Test the drugs? Or snort them?
That's the choice for the folks who test drugs for criminal cases, who determine whether the pills that the cops found in your pocket were molly or vitamins.
One chemist made her choice. For eight years, a lab tech in Amherst, Massachusetts, sniffed cocaine, dosed LSD, smoked crack and snorted methamphetamine she stole from her job. Sonja Farak, an employee of the state Department of Public Health at the time, even made her own crack cocaine in the lab, using supplies from her employer. Like Walter White without the cancer.

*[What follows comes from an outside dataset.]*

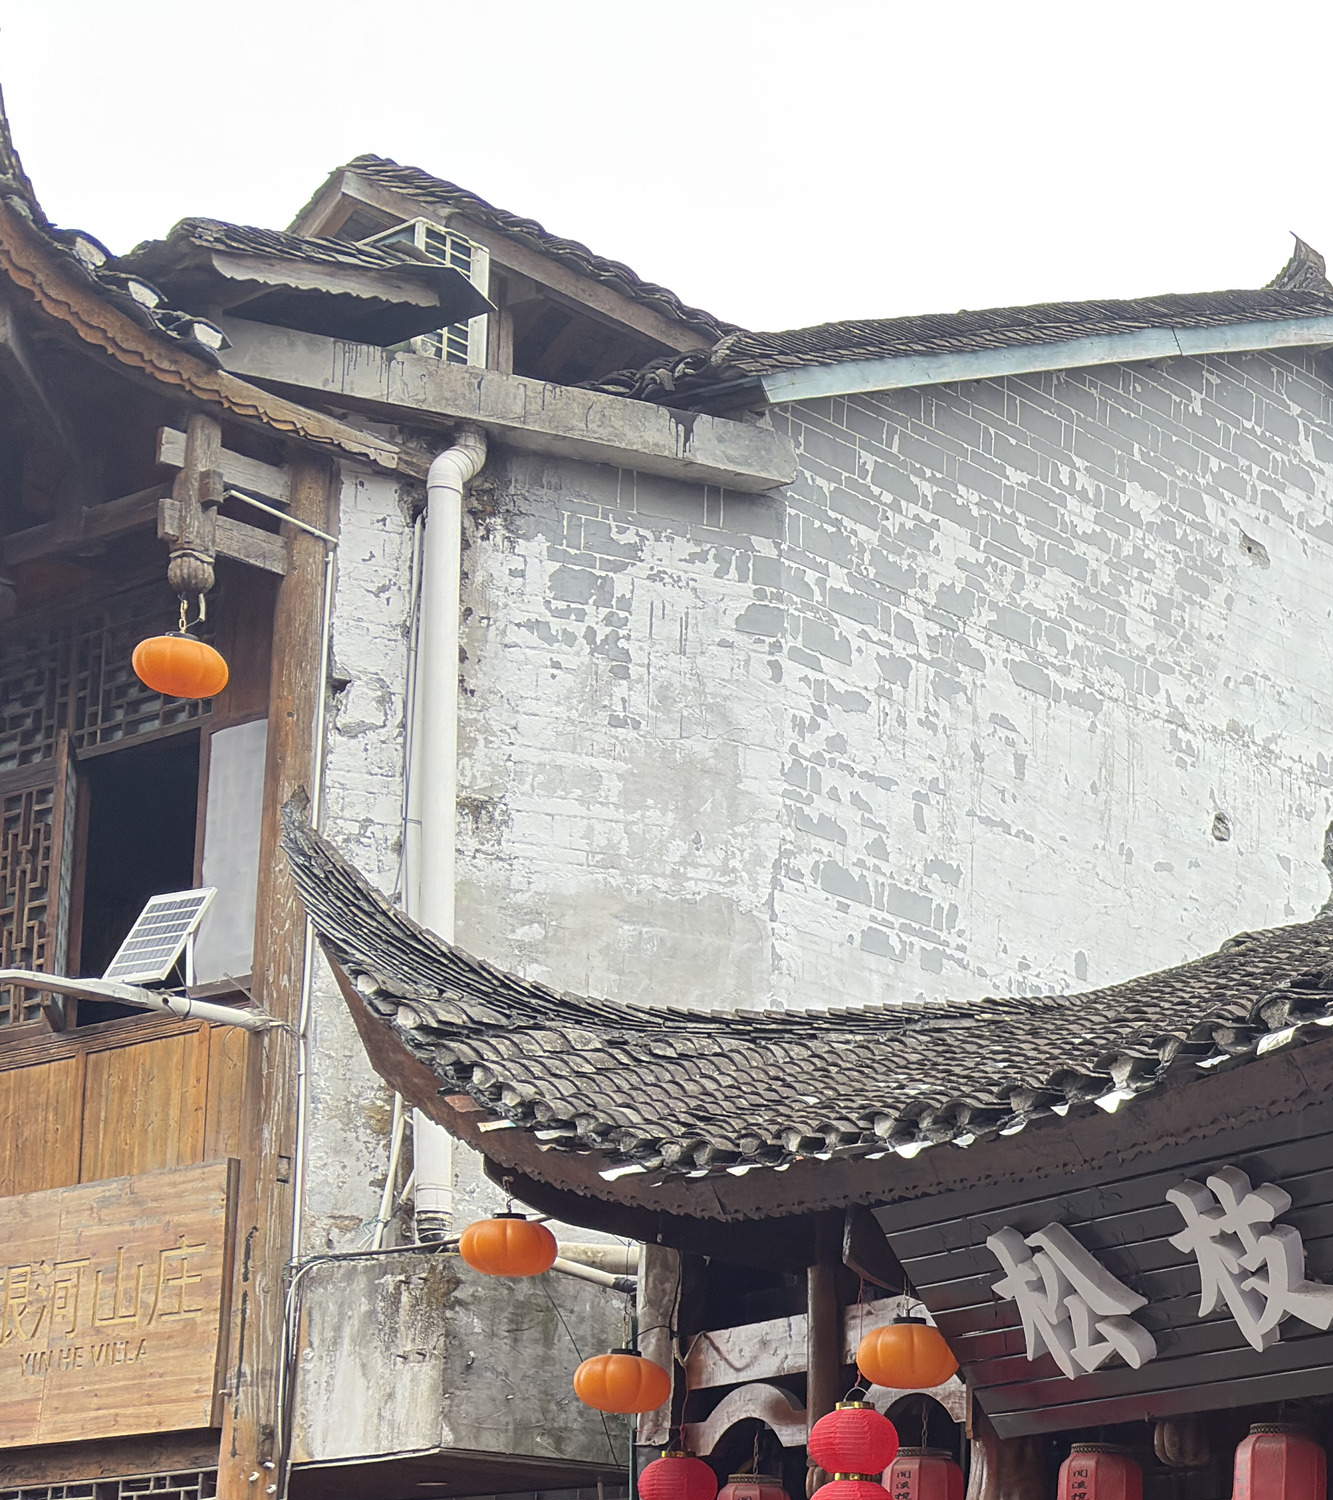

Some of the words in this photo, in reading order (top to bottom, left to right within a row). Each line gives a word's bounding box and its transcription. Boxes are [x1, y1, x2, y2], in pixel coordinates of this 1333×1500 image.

[20, 1350, 53, 1376] YIN
[58, 1347, 84, 1371] HE
[91, 1339, 146, 1367] VILLA
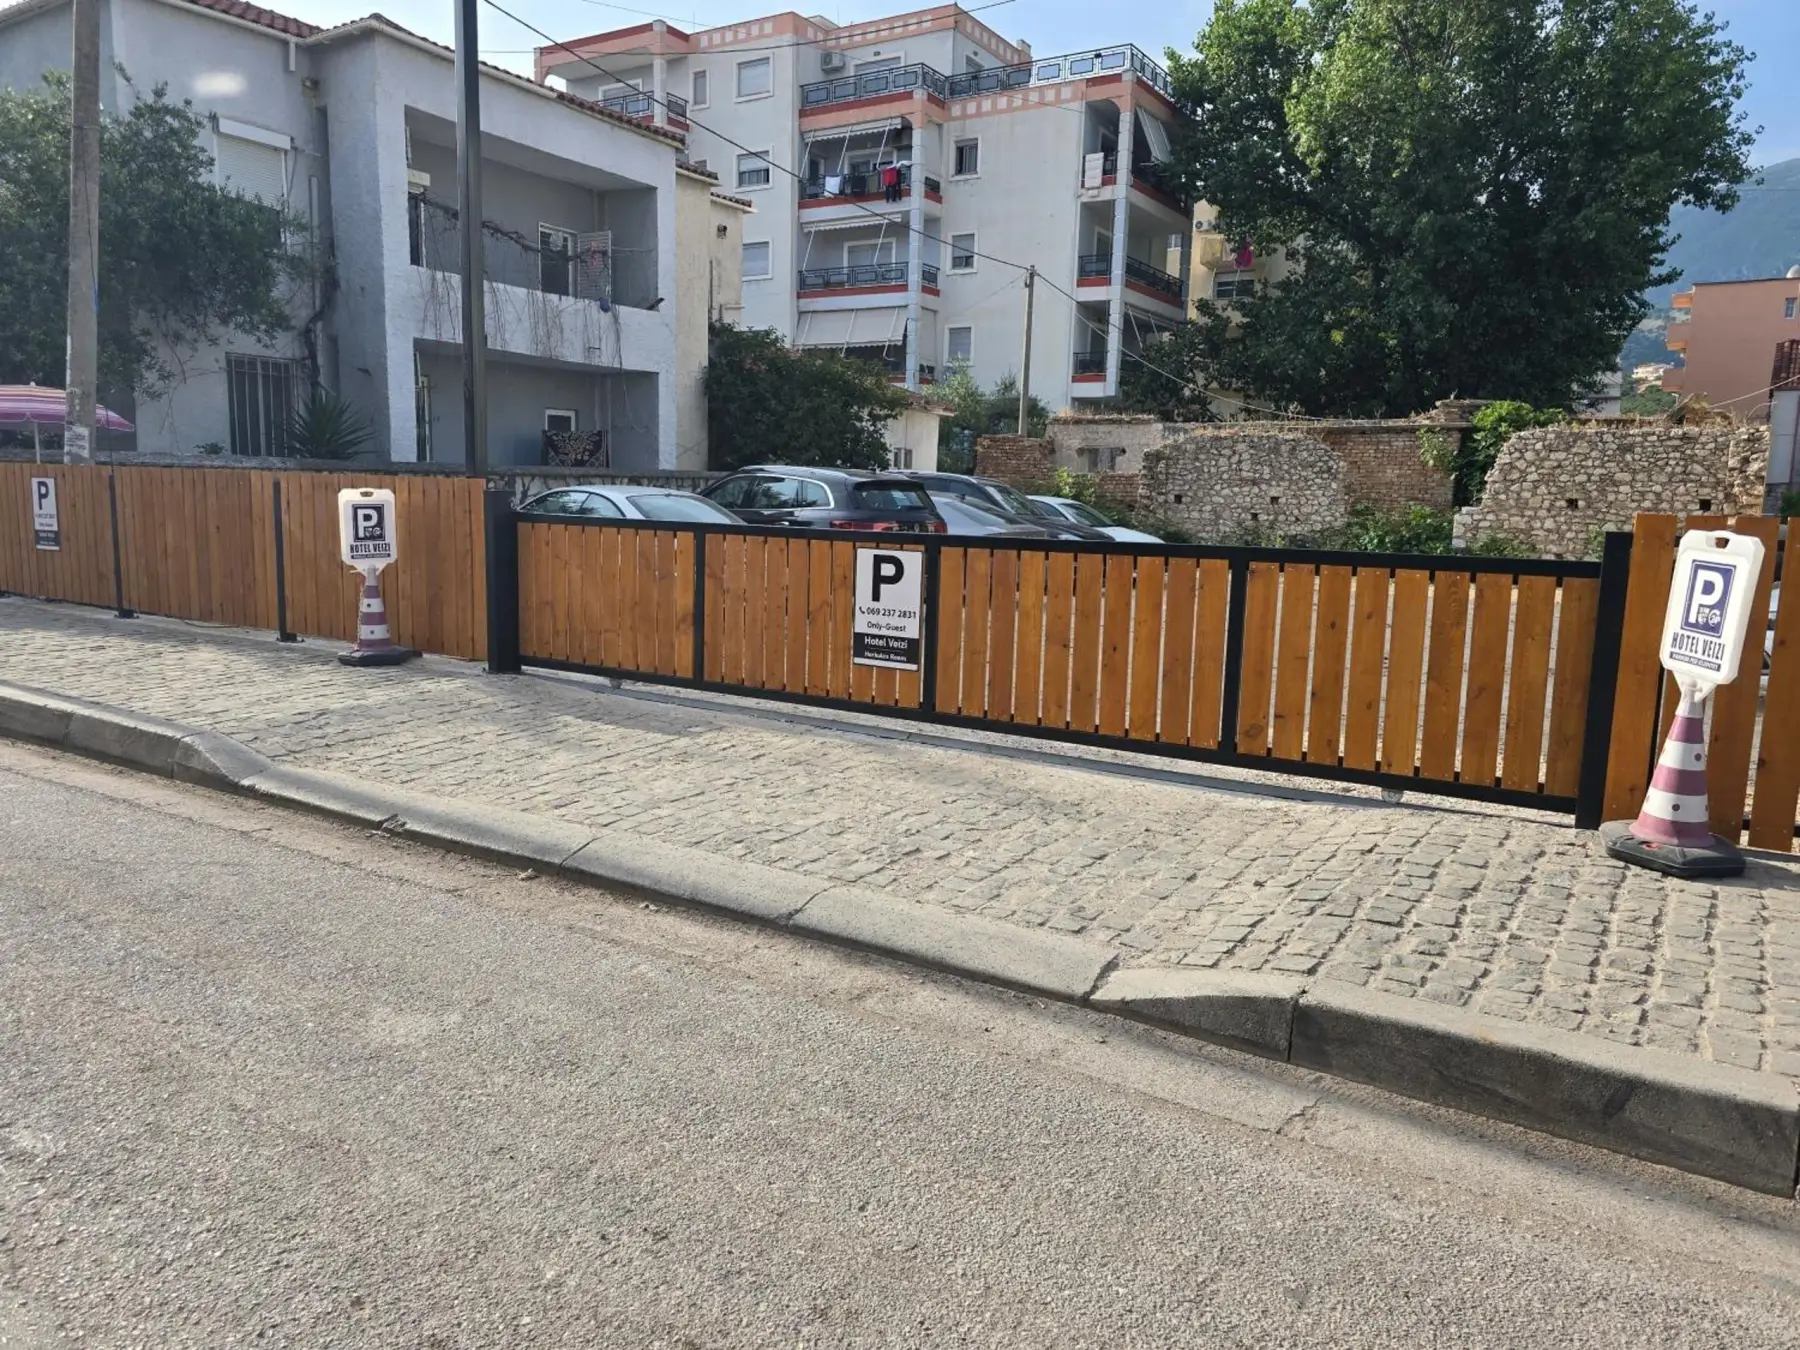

She'd even testify in court while fucked up on drugs, helping jail others for getting high while she herself was obliterated.
A report from the Massachusetts Attorney General lays out just what Farak did, and it's pretty fiendish. Mostly, she would use the drugs she was testing and replace what she used with counterfeit drugs. Note that she was still, technically, testing the drugs, only she was using her own brain as lab equipment.
The first drug she stole from the lab was meth. "I felt amazing," she told the Attorney General's office. Over the next four years, she was tweaking every day, often many times a day. None of her co-workers noticed. They said she seemed to be doing an excellent job.
When the lab started running out of meth, she moved on to ketamine, MDMA, LSD, and coke, before settling on crack as her go-to drug, smoking it 10 or 12 times a day. "Smoking at work, smoking in the lab, smoking at home," she said, "smoking and driving."
In 2013, a co-worker noticed some samples of cocaine she was testing were actually part cocaine and part filler, and called the authorities. Farak was arrested and, in 2014, she pled guilty. She got 18 months in jail.
This story has a happy ending. Last week, a judge dismissed more than 6,000 convictions obtained using test results from Farak. In other words, because she decided to get so high for so long, thousands of other people who also like drugs will see their lives improve — a lot. Their records will be wiped clean. They can now qualify for public housing, get student loans and travel to Canada — which drug felons often can't.
Farak's is not an isolated case. A lot of people who work around drugs do it because they love the stuff. Pharmacists have told us how often they steal Xanax from work, we read about nurses stealing fentanyl and doctors stealing drugs and treating patients while high. Cops use drugs, lawyers and judges get twisted, and the wardens in the prisons get fucked up. Even presidents do drugs.
Which doesn't make what Farak did okay. It just makes her human.
Correction: The article has been updated to correctly identify Sonja Farak as an employee of the Department of Public Health. The now-closed state crime lab Farak worked in was only located on the UMass Amherst campus, but was operated by the DPH.